L’agence ORE est une association formée par l’ensemble des gestionnaires de réseaux de distribution d’électricité et de gaz naturel français. En matière d’open data, elle a notamment pour objectif de mutualiser des infrastructures techniques de publication à destination notamment des plus petits gestionnaires (ELD), afin que ceux-ci soient en mesure de satisfaire à leurs obligations réglementaires. Elle a par ailleurs enrichi ses services en offrant à ses visiteurs des modes de visualisation de données spécifiques (dataviz) sur les données locales de l’énergie.

L’infrastructure technique utilisée (Opendatasoft) offre la possibilité d’exploiter ces informations sous différentes formes :

  • des tableaux téléchargeables, qui constituent la donnée brute ;
  • des cartes, dès lors que des coordonnées géographiques ont été intégrées aux données brutes pour projeter spatialement la donnée en question ;
  • des graphiques d’analyse, souvent dynamiques (possibilité de modifier les axes de lecture, leurs valeurs, etc.) ;
  • par API, afin d’en externaliser le traitement.
Exemple de dataviz proposée par l’agence ORE (Source : Enedis)

Les gestionnaires de réseaux de transport d’électricité et de gaz naturel (RTE, GRTgaz, Teréga), certains gestionnaires d’infrastructures de gaz (Elengy, Storengy, Dunkerque LNG), ainsi que d’autres partenaires comme l’Association française du gaz naturel pour véhicules (AFGNV) et Weathernews (fournisseur de données météorologiques) ont constitué ensemble la plateforme « Open data Réseaux énergies » (dite ODRE).

Ceux d’entre eux, qui disposaient auparavant de leur propre plateforme, mettent désormais à disposition les données sur cette infrastructure unifiée, qui permet de croiser des données à la fois sur l’électricité et le gaz naturel.

Jeux de données disponibles sur l’open data Réseaux énergie (Source : Agence ORE)

Les principaux gestionnaires de réseaux de distribution d’électricité et de gaz naturel, Enedis et GRDF, ont également mis en place des plateformes open data (respectivement https://data.enedis.fr/ et https://opendata.grdf.fr/). Ils y publient à la fois des jeux de données qui dépassent les seules exigences de mise à disposition prévues par la réglementation (registre des installations de production et de stockage d’électricité, agrégation de données annuelles à différentes mailles géographiques, etc.).

Données cartographiques issues de la plateforme open data d’Enedis (Source : Enedis)
Graphe d’analyse constitué sur la plateforme open data de GRDF (Source : Enedis)
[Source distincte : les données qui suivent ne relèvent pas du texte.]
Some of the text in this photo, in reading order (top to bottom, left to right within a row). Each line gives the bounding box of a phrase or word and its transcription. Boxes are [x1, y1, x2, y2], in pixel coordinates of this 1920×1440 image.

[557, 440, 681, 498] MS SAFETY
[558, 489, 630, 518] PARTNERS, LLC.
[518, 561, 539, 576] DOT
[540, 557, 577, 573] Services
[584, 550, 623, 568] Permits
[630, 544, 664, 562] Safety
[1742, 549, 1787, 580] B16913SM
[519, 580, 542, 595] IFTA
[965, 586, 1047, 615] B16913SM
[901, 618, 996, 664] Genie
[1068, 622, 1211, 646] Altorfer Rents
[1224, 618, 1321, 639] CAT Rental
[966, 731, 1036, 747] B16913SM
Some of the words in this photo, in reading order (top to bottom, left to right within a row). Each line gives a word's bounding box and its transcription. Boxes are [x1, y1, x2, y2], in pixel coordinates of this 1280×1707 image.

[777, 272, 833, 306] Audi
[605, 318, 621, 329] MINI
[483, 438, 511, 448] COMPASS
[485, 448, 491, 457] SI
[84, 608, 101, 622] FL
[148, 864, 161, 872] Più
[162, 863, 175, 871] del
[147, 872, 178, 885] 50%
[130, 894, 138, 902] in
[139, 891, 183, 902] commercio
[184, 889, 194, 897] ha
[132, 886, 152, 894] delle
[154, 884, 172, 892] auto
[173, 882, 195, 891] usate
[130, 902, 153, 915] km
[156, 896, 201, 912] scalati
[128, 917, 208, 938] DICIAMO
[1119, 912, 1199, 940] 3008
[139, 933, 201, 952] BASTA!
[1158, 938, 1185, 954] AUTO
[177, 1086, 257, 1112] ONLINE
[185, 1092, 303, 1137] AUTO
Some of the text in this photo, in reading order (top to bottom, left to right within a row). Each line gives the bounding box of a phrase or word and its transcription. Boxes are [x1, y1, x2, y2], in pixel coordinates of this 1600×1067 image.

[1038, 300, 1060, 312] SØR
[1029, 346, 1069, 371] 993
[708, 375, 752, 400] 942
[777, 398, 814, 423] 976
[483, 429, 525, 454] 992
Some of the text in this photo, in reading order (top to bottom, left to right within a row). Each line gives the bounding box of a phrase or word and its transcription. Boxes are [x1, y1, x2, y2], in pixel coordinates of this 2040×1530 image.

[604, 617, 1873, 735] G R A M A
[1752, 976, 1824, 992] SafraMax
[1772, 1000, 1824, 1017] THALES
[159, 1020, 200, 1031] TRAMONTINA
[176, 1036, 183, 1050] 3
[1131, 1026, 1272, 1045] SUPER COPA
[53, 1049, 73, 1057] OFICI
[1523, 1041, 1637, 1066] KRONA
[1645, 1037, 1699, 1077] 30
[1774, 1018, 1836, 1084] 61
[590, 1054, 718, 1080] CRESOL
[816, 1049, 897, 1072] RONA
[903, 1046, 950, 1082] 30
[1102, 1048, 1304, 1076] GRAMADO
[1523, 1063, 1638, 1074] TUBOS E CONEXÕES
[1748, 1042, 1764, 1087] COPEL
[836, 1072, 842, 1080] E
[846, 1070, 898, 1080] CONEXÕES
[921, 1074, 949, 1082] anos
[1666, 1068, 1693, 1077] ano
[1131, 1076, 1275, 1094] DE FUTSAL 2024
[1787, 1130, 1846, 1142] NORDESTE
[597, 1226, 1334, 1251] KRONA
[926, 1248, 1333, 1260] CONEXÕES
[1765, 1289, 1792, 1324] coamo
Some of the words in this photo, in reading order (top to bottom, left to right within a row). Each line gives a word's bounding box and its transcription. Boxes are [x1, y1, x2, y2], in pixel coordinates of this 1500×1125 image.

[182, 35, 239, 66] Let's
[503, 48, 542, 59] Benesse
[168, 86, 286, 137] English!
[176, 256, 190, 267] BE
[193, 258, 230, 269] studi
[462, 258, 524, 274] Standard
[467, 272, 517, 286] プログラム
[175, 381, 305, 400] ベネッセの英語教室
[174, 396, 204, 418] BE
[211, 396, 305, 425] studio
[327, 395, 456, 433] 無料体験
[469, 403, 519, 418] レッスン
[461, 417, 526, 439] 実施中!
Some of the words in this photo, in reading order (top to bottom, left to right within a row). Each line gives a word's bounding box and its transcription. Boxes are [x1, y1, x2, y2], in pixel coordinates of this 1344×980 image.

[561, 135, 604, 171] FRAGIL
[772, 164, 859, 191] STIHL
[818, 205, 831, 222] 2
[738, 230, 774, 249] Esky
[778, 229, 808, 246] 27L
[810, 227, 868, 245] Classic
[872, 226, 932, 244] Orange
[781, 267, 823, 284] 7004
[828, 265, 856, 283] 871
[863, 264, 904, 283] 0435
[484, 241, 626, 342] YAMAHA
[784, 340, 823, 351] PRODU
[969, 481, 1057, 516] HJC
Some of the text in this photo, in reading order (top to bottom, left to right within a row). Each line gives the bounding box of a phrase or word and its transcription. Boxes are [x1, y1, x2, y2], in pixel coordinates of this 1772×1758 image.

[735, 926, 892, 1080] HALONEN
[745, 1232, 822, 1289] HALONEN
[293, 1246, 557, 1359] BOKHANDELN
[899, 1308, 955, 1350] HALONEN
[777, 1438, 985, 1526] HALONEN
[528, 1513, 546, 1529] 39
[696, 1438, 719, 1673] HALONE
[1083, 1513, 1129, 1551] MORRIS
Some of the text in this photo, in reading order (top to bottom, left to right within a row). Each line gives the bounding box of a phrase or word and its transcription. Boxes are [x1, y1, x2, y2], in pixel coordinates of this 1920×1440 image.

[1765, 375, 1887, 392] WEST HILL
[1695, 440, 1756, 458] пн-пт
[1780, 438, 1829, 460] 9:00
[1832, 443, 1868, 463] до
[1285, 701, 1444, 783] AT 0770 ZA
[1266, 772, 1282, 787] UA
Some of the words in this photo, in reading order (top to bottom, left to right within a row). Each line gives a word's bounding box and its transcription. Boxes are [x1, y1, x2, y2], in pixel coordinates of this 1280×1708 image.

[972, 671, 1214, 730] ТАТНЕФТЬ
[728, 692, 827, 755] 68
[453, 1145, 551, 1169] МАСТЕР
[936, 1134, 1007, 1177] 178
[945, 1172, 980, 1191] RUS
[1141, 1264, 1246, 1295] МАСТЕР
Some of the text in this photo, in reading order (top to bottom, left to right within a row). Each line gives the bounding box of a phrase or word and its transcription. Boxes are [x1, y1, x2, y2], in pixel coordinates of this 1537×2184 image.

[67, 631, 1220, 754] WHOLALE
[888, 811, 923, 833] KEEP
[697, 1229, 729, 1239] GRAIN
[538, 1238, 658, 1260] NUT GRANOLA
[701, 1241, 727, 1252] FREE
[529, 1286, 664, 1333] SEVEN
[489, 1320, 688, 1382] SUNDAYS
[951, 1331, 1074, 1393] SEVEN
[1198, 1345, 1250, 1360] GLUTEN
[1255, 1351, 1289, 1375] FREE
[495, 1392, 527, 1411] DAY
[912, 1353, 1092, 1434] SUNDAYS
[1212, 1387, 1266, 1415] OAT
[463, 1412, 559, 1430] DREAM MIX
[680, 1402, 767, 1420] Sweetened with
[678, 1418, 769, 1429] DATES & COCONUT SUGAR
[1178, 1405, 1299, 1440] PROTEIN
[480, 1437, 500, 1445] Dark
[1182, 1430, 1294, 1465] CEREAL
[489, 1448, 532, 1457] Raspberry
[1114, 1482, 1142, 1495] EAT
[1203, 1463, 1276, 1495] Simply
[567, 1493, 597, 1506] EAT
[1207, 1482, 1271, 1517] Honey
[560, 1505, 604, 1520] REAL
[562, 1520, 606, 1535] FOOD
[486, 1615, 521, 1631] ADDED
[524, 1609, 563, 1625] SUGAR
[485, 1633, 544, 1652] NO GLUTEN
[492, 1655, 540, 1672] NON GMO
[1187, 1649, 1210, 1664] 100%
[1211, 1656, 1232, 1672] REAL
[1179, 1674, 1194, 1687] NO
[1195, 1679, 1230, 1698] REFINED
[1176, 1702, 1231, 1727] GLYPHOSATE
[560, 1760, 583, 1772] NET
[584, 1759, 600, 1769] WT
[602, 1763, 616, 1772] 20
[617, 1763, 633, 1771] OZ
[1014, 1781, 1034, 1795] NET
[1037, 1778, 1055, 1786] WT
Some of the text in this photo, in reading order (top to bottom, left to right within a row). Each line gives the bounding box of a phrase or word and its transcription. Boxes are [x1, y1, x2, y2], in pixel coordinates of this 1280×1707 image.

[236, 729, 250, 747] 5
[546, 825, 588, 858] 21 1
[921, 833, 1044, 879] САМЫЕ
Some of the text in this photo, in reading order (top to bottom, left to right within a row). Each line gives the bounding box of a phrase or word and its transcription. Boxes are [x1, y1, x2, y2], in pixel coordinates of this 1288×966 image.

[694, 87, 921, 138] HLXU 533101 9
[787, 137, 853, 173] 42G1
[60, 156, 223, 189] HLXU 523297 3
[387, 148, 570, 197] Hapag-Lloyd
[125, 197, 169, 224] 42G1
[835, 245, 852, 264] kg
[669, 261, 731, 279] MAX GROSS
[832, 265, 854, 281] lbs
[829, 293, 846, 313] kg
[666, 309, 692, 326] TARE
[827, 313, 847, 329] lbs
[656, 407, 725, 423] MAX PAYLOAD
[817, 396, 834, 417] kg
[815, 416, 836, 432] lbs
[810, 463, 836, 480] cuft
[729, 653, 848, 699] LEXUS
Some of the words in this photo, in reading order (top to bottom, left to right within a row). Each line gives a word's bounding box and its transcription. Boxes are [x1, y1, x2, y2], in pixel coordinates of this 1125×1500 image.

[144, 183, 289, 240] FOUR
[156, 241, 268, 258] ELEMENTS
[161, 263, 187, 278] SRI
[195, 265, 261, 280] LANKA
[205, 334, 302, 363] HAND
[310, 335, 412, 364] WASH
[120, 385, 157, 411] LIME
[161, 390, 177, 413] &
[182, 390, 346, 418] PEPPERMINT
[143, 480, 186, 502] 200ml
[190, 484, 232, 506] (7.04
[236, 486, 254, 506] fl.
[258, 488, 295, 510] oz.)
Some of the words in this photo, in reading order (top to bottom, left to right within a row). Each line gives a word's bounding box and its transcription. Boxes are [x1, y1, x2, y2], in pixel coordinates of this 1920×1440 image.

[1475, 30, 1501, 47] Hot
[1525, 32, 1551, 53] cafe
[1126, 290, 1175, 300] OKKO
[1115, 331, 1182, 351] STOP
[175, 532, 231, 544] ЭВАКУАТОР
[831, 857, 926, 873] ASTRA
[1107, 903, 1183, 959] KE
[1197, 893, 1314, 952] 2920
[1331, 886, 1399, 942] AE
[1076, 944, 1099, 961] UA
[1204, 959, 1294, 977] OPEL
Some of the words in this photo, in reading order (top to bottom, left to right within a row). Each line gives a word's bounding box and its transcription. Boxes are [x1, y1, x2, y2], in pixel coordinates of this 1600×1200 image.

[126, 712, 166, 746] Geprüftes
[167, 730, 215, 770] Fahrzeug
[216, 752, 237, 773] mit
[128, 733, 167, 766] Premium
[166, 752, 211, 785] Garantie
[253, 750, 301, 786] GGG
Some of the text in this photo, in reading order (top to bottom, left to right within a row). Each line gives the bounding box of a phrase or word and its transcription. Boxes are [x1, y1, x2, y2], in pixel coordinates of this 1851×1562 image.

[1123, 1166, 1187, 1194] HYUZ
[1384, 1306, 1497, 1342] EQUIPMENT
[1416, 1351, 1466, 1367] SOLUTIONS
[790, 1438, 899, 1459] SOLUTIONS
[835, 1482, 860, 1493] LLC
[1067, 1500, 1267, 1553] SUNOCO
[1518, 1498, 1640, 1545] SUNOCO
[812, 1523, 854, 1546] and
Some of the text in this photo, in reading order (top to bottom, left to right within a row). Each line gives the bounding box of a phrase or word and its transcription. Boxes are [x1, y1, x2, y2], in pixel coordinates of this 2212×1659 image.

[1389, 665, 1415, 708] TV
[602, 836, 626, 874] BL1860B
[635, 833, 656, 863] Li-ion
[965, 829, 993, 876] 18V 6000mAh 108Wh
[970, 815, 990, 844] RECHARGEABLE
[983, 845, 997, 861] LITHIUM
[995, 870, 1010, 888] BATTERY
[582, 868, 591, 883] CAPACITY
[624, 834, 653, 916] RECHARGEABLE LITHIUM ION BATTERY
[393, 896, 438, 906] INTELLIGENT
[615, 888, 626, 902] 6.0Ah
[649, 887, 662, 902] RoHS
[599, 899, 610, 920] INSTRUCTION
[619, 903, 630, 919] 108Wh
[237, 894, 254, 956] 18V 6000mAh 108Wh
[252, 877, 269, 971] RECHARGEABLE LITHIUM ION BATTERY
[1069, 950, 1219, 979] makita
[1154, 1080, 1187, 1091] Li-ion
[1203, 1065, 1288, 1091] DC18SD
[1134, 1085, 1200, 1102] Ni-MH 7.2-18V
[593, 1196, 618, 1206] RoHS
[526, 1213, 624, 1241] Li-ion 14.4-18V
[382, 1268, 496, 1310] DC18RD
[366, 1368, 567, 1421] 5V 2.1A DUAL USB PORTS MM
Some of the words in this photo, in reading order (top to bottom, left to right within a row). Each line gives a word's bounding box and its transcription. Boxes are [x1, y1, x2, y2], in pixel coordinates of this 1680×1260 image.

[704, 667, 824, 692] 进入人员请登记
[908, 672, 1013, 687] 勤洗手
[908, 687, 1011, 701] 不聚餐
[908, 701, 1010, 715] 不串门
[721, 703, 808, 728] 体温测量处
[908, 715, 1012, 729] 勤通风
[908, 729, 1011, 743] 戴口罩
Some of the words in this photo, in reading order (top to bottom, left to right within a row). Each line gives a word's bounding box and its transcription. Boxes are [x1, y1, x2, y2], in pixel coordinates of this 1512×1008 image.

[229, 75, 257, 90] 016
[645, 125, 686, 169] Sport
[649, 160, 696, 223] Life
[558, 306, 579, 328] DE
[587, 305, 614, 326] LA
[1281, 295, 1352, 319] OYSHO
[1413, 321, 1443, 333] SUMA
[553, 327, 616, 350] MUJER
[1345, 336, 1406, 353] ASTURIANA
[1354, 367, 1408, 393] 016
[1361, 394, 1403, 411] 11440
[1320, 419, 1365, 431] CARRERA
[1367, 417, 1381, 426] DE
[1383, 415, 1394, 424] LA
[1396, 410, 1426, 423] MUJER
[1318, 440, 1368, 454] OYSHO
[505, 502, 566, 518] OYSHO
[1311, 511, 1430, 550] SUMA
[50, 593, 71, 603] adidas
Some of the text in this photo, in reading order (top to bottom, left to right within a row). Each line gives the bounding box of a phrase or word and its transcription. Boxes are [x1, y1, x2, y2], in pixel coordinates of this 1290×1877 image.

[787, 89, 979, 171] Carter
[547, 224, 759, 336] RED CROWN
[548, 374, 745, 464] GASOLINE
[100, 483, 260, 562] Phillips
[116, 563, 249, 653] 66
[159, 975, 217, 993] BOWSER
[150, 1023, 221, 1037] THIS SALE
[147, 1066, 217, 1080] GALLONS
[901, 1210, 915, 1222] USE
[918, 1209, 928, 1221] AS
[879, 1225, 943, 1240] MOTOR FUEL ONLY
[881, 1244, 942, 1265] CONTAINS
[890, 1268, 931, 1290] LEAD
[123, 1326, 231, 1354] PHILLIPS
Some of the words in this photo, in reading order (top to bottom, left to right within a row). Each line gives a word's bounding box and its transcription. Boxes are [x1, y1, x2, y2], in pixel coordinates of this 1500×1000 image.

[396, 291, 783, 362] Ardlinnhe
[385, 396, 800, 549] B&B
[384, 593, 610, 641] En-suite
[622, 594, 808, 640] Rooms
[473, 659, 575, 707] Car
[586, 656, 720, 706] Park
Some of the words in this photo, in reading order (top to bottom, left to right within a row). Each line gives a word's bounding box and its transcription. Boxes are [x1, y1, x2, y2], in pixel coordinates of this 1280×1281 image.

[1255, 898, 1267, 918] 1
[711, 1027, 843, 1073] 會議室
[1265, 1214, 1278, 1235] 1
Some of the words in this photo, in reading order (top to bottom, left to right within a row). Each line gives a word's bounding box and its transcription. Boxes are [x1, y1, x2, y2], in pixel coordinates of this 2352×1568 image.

Enfin, de nombreuses collectivités publiques mettent d’ores et déjà à disposition des données agrégées sur leur territoire concernant l’énergie, notamment les plans climat-air-énergie territoriaux (PCAET), la production d’électricité par filière ou la localisation des points de recharge pour véhicules électriques (par exemple, la Métropole européenne de Lille, Orléans Métropole ou la région Sud – Provence Alpes Côte d’Azur).